[Records contained in a dataset]
* * * * *

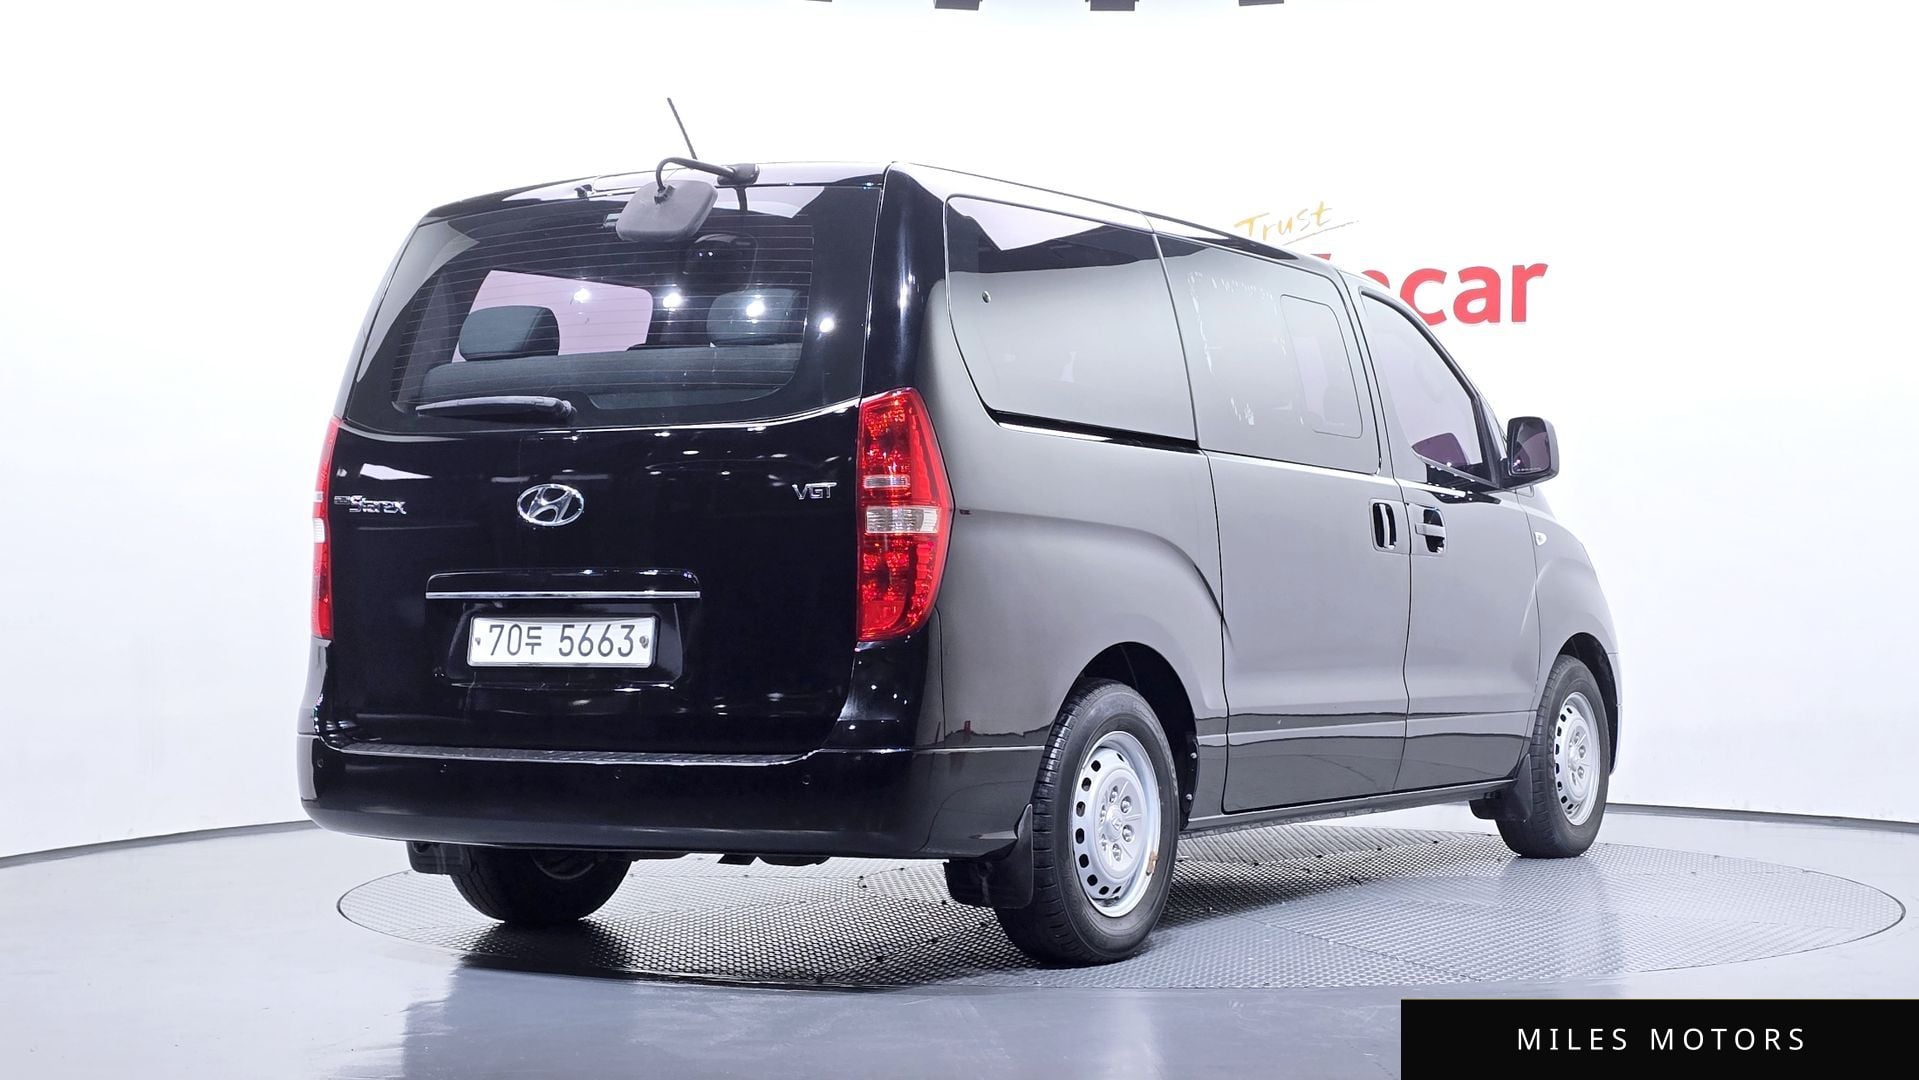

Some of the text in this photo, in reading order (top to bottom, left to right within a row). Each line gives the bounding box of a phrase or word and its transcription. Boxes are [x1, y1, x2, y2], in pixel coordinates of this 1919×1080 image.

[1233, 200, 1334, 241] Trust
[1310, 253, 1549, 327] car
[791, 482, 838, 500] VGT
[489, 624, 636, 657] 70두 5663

* * * * *

▶ **Your objective**: Omit the pictures and set down the records exactly.

▶ **Solution to this problem**:
Some of the text in this photo, in reading order (top to bottom, left to right within a row). Each line gives the bounding box of a phrase or word and its transcription. Boxes are [x1, y1, x2, y2], in pixel coordinates of this 1919×1080 image.

[1233, 200, 1334, 241] Trust
[1310, 253, 1549, 327] car
[791, 482, 838, 500] VGT
[489, 624, 636, 657] 70두 5663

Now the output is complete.